Dataset entries
_____

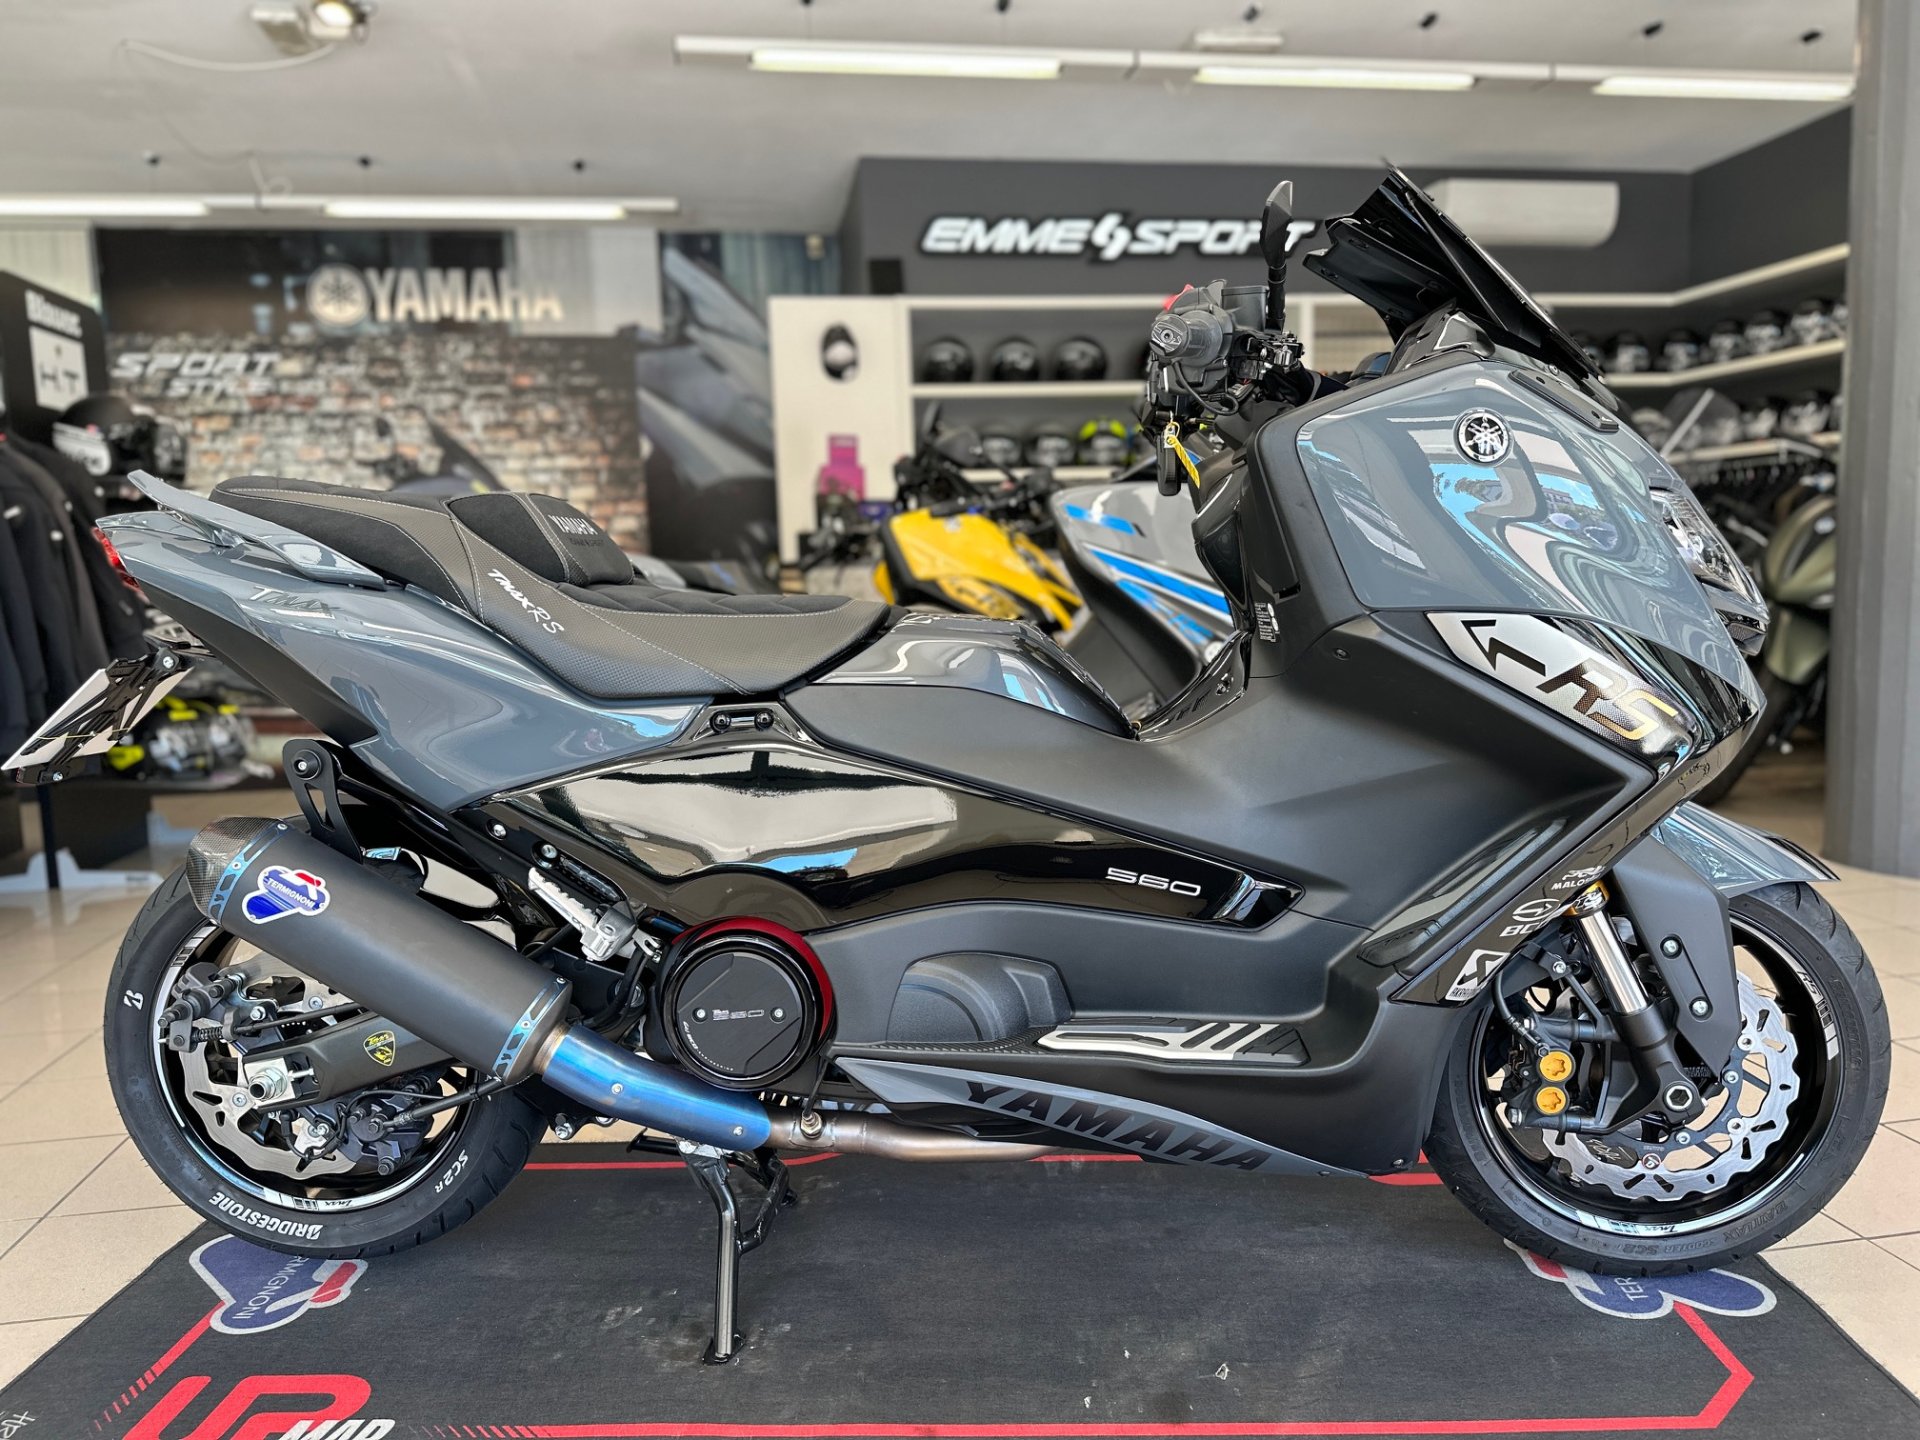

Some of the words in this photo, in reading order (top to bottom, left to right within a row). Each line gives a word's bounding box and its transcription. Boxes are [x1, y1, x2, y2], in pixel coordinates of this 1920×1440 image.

[921, 216, 1095, 253] EMME
[365, 267, 564, 322] YAMAHA
[110, 352, 282, 379] SPORT
[547, 514, 598, 535] YAMAHA
[1536, 658, 1679, 740] RS
[268, 877, 316, 909] TERMIGNONI
[1105, 867, 1201, 896] 560
[966, 1080, 1272, 1172] YAMAHA
[208, 1191, 323, 1240] BRIDGESTONE
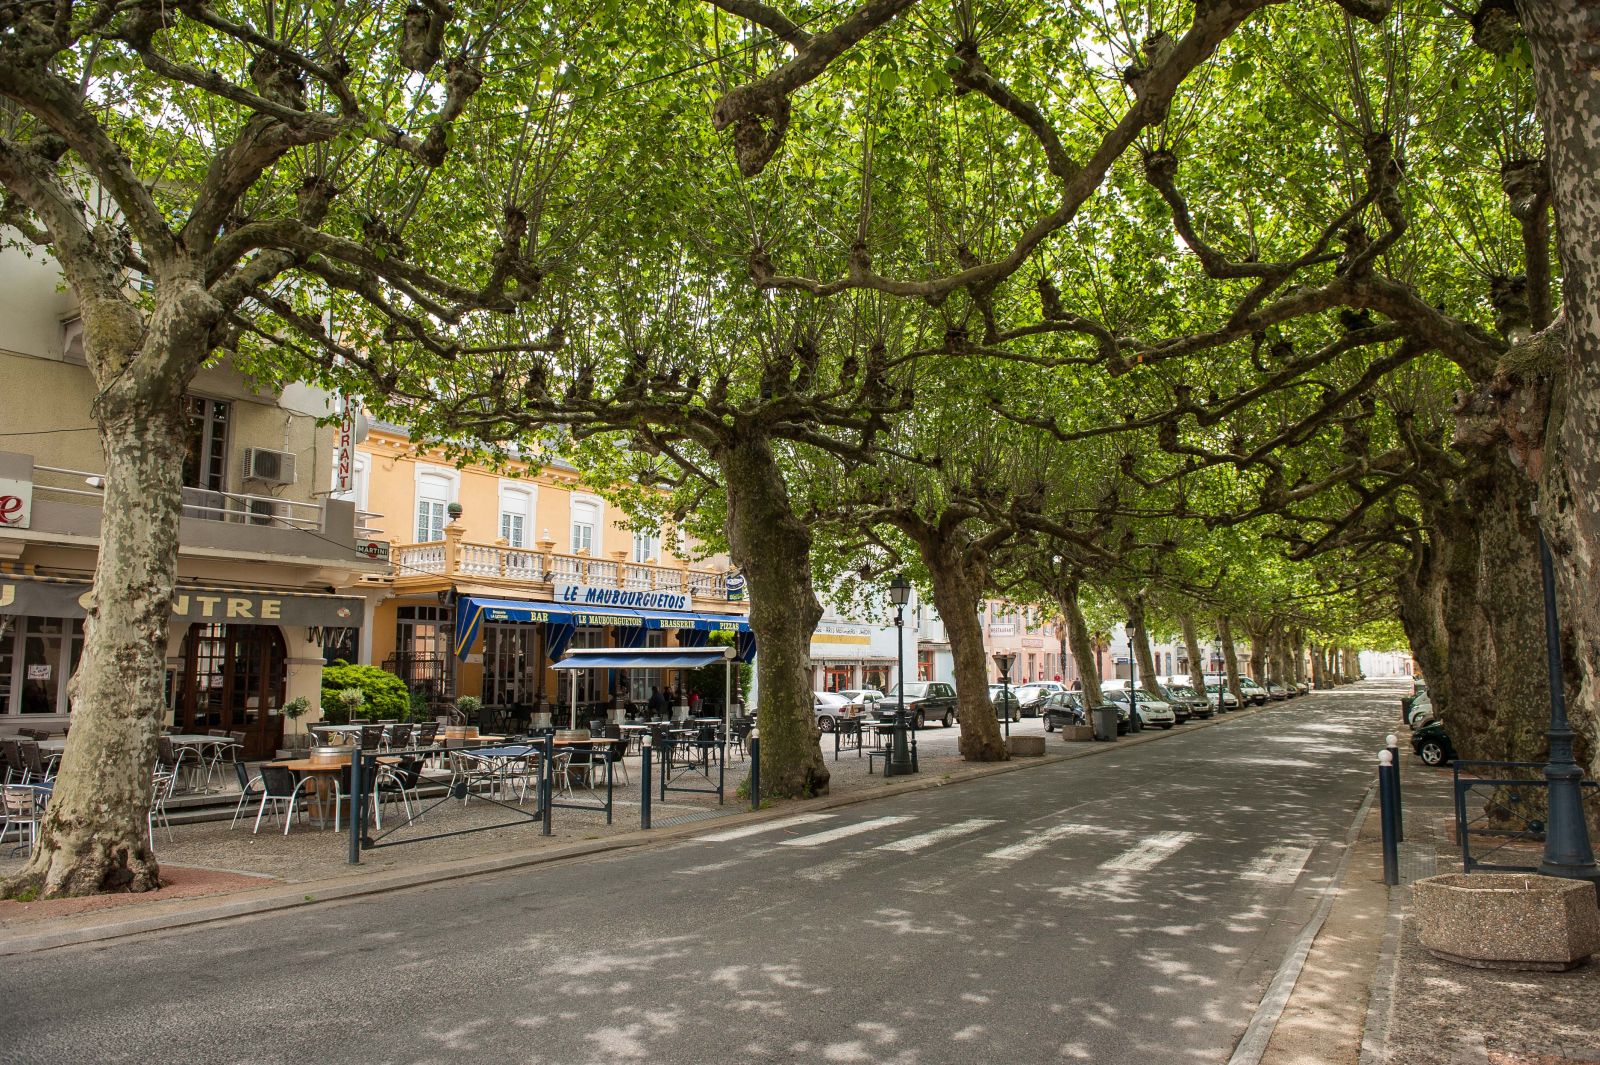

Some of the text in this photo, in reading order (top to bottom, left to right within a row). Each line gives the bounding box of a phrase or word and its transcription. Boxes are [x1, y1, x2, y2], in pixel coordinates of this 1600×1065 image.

[358, 546, 387, 555] MARTINI
[563, 585, 686, 609] LE MAUBOURGUETOIS
[530, 612, 549, 621] BAR
[578, 615, 642, 626] LE MAUBOURGUETOIS
[660, 620, 696, 629] BRASSERIE
[719, 622, 740, 630] PIZZAS

_____

*INSTRUCTIONS FOR THE TASK*.
Could you reproduce, exactly as written, the lines running from the one with "Some of the text" to the end of the entries above?

*COMPLETED EXERCISE*.
Some of the text in this photo, in reading order (top to bottom, left to right within a row). Each line gives the bounding box of a phrase or word and its transcription. Boxes are [x1, y1, x2, y2], in pixel coordinates of this 1600×1065 image.

[358, 546, 387, 555] MARTINI
[563, 585, 686, 609] LE MAUBOURGUETOIS
[530, 612, 549, 621] BAR
[578, 615, 642, 626] LE MAUBOURGUETOIS
[660, 620, 696, 629] BRASSERIE
[719, 622, 740, 630] PIZZAS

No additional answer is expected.